Depois de contar tudo para o meu Pai, deixo o salão da igreja com um sorriso enorme e vou em busca da tia Angélica, ela deve estar na sala onde se aplica a Escola Bíblica.
Achei-a com algumas partituras nas mãos, devia estar escolhendo os louvores para hoje, pois o ensaio começa às duas.
— Atrapalho? — pergunto depois que passo pela porta aberta. Angélica me presenteia com um sorriso e larga as partituras.
— Claro que não, meu amor. Está tudo bem?
— Está, sim. Só perdi a hora enquanto falava com Deus. Acho que tinha coisas demais para falar — sorrio um pouco sem graça, mas ela sorri junto comigo.
— Imagino que sim, sempre temos. E como está na nova cidade? Tem conseguido ir à igreja com frequência?

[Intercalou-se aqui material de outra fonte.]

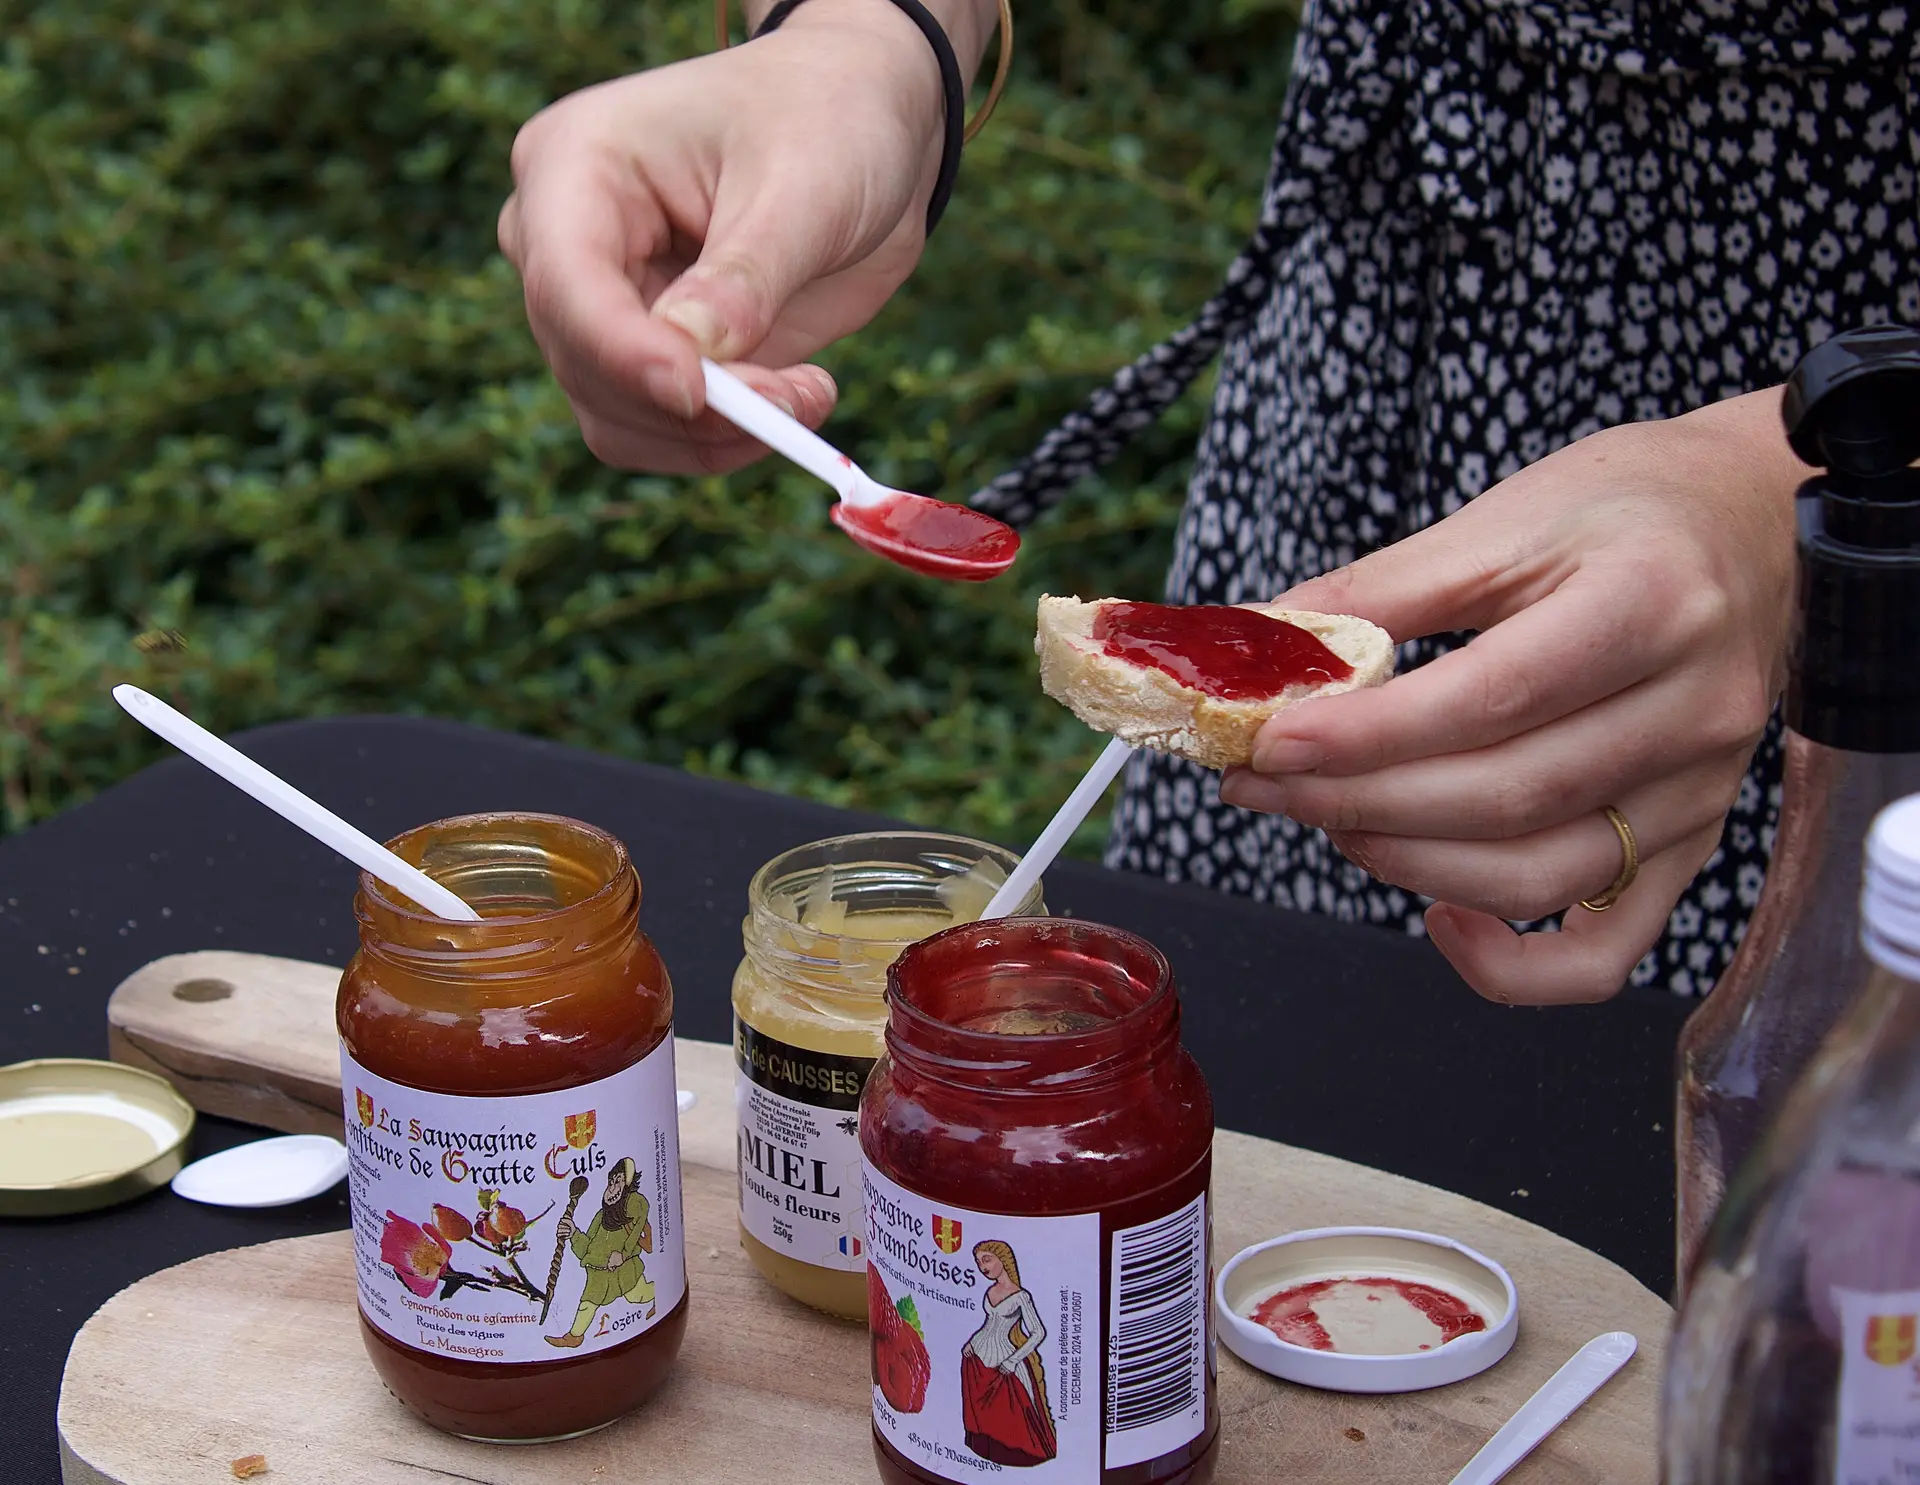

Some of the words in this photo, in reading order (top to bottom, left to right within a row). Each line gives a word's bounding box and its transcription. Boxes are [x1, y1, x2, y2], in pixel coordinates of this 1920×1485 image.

[751, 1045, 766, 1072] de
[768, 1053, 860, 1096] CAUSSES
[756, 1098, 772, 1112] France
[773, 1108, 803, 1125] (Aveyron)
[804, 1120, 815, 1129] par
[763, 1096, 781, 1109] produit
[789, 1107, 811, 1117] récolté
[377, 1108, 402, 1137] La
[408, 1118, 537, 1157] Sauvagine
[771, 1122, 807, 1141] LAVERNHE
[793, 1122, 801, 1131] de
[409, 1147, 433, 1178] de
[441, 1149, 536, 1184] Gratte
[544, 1143, 606, 1180] Culs
[743, 1125, 840, 1199] MIEL
[745, 1171, 780, 1207] toutes
[785, 1194, 841, 1224] fleurs
[863, 1171, 924, 1237] auvagine
[773, 1224, 793, 1243] 250g
[917, 1282, 976, 1311] Artisanale
[1060, 1289, 1069, 1312] avant
[1071, 1291, 1082, 1323] 22/0607
[416, 1314, 446, 1333] Route
[447, 1325, 466, 1337] des
[466, 1313, 480, 1323] ou
[593, 1310, 642, 1338] Lozère
[1071, 1324, 1081, 1334] lot
[420, 1330, 435, 1347] Le
[437, 1336, 504, 1358] Massegros
[1058, 1313, 1070, 1355] préférence
[1071, 1335, 1081, 1355] 2024
[1108, 1335, 1118, 1359] 325
[1058, 1356, 1068, 1366] de
[1060, 1368, 1068, 1413] consommer
[1071, 1357, 1081, 1405] DECEMBRE
[1059, 1413, 1068, 1421] A
[934, 1442, 943, 1455] le

— Com frequência sim, graças a Deus. Só não tenho conseguido assumir as responsabilidades no qual estava acostumada. Sinto falta, mas não posso ser irresponsável e começar uma coisa sabendo que não poderei cumpri-la.
— Está certa, meu bem. Deus entende essa fase da sua vida e você sabe que tudo isso é da permissão dEle. Só não se afaste, tudo bem? Já vi muito isso acontecer.

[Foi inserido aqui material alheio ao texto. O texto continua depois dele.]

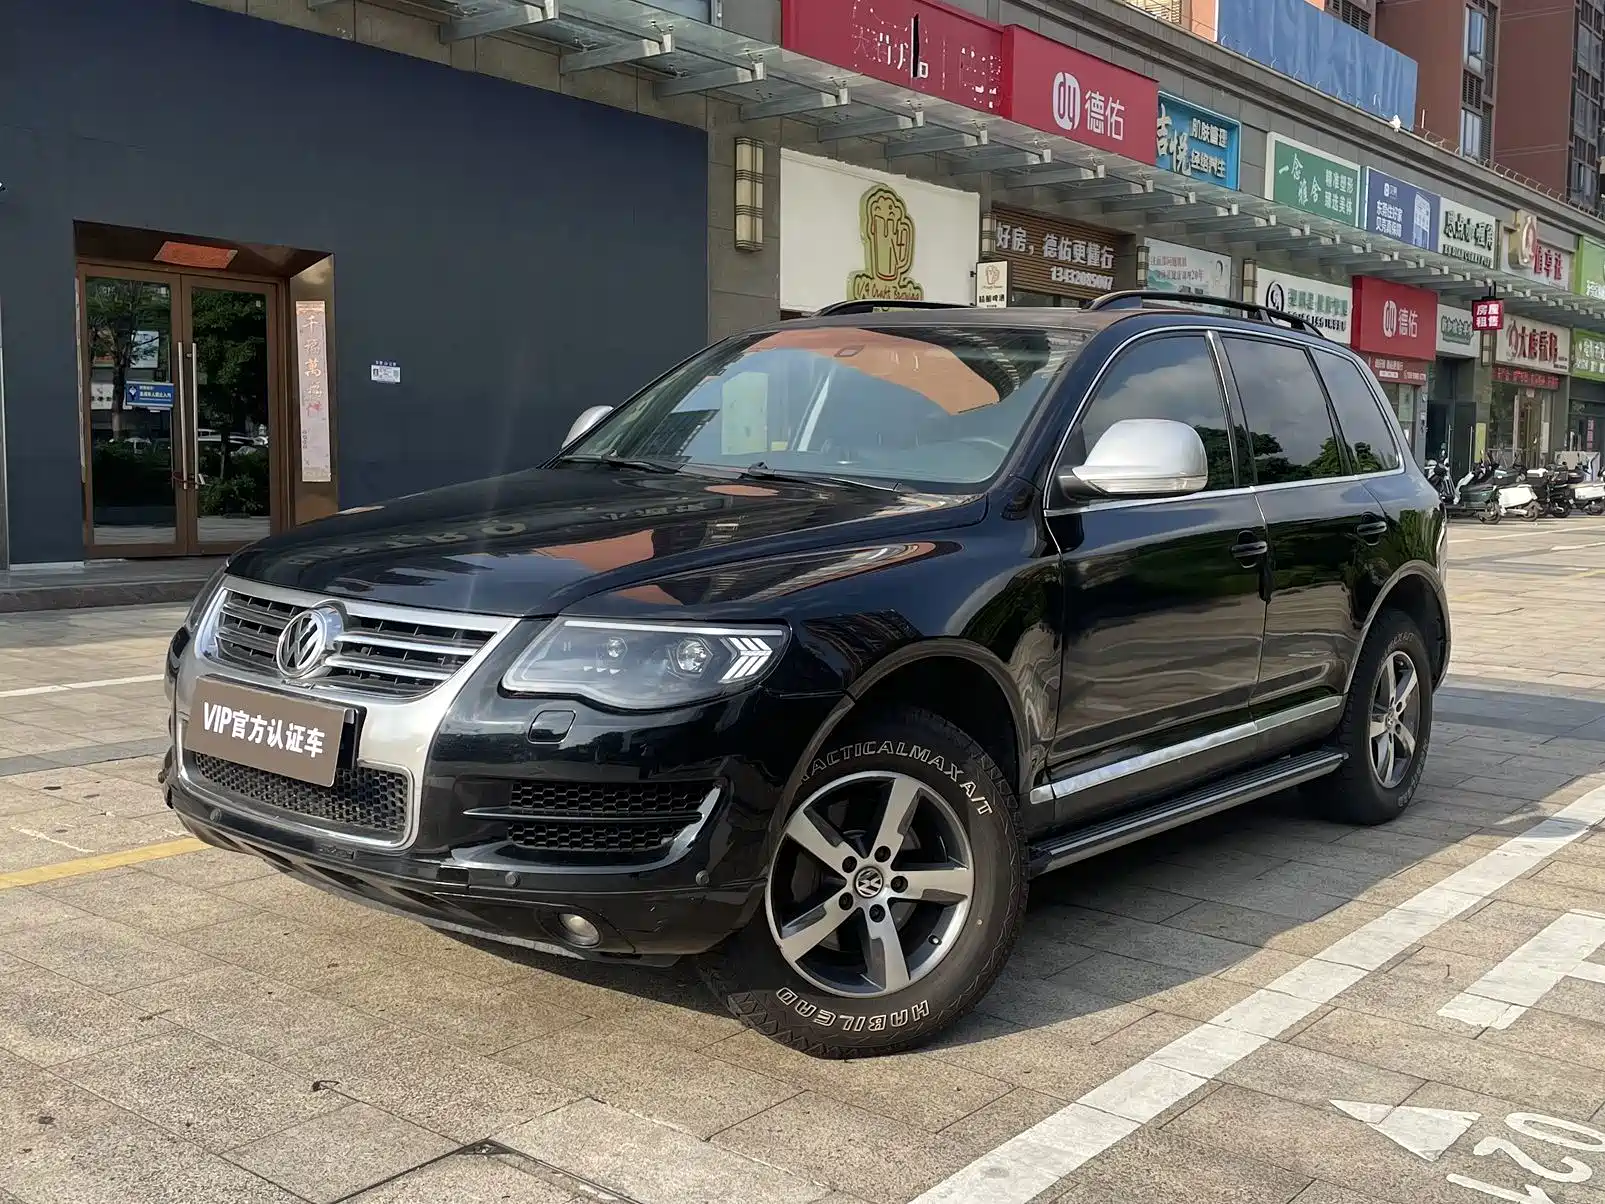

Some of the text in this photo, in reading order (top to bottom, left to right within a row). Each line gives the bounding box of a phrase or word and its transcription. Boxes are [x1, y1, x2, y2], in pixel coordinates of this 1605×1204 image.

[1084, 89, 1125, 141] 德佑
[1191, 117, 1228, 149] 肌肤管理
[1397, 306, 1419, 339] 德佑
[1476, 303, 1500, 316] 房屋
[1476, 315, 1499, 328] 租售
[203, 701, 326, 758] VIP官方认证车
[775, 986, 931, 1032] HABILEAD

— Não consigo nem pensar nessa possibilidade, tia Angélica. De verdade, não consigo me imaginar sem Deus.
— Fico muito feliz com isso, você é preciosa demais para Ele, acredite.
— Eu acredito, só espero que Ele cuide da minha família... — O sorriso desaparece do meu rosto. Do dela também.
— Ah, meu bem...
— Não, não estou murmurando. Sei que tudo que Ele faz tem um propósito, só estou preocupada com meu pai.
— Você quer conversar sobre isso? — pergunta, já ao meu lado, com as mão sobre meu ombro, pronta para me consolar.
Quero falar sobre isso. Quero muito poder desabafar sobre tudo isso, mas não sinto que seja a hora, mesmo que confie na tia Angélica, não sinto que ela seja a pessoa para que eu possa me derramar. Talvez se Sofia estivesse aqui, eu já teria me derramado há muito tempo...
— Obrigada, tia Angélica, mas não. Ainda não é o tempo de contar para alguém que não seja o Espírito Santo, você entende, não é?
— Claro que entendo, meu amor. Contudo, saiba que estarei sempre disponível para você.
— Eu sei, obrigada. Você sempre foi como uma mãe para mim — confesso emocionada.
— Ah, querida... — Angélica me puxa para um abraço apertado. — Você sabe que sempre foi como uma filha também. Desde que pus os olhos em você ao lado da minha Sofia, soube que você era a irmã que ela nunca teve e sempre quis.
Uma lágrima solitária cai dos meus olhos e a abraço mais forte. Sou muito abençoada. Sou verdadeiramente abençoada por tudo que tenho e creio que essa fase ruim vai passar, creio mesmo. Porque sei que, mesmo que não passe tão logo quanto imagino, Deus nunca nos desamparará. Ele nunca abandona um filho Seu.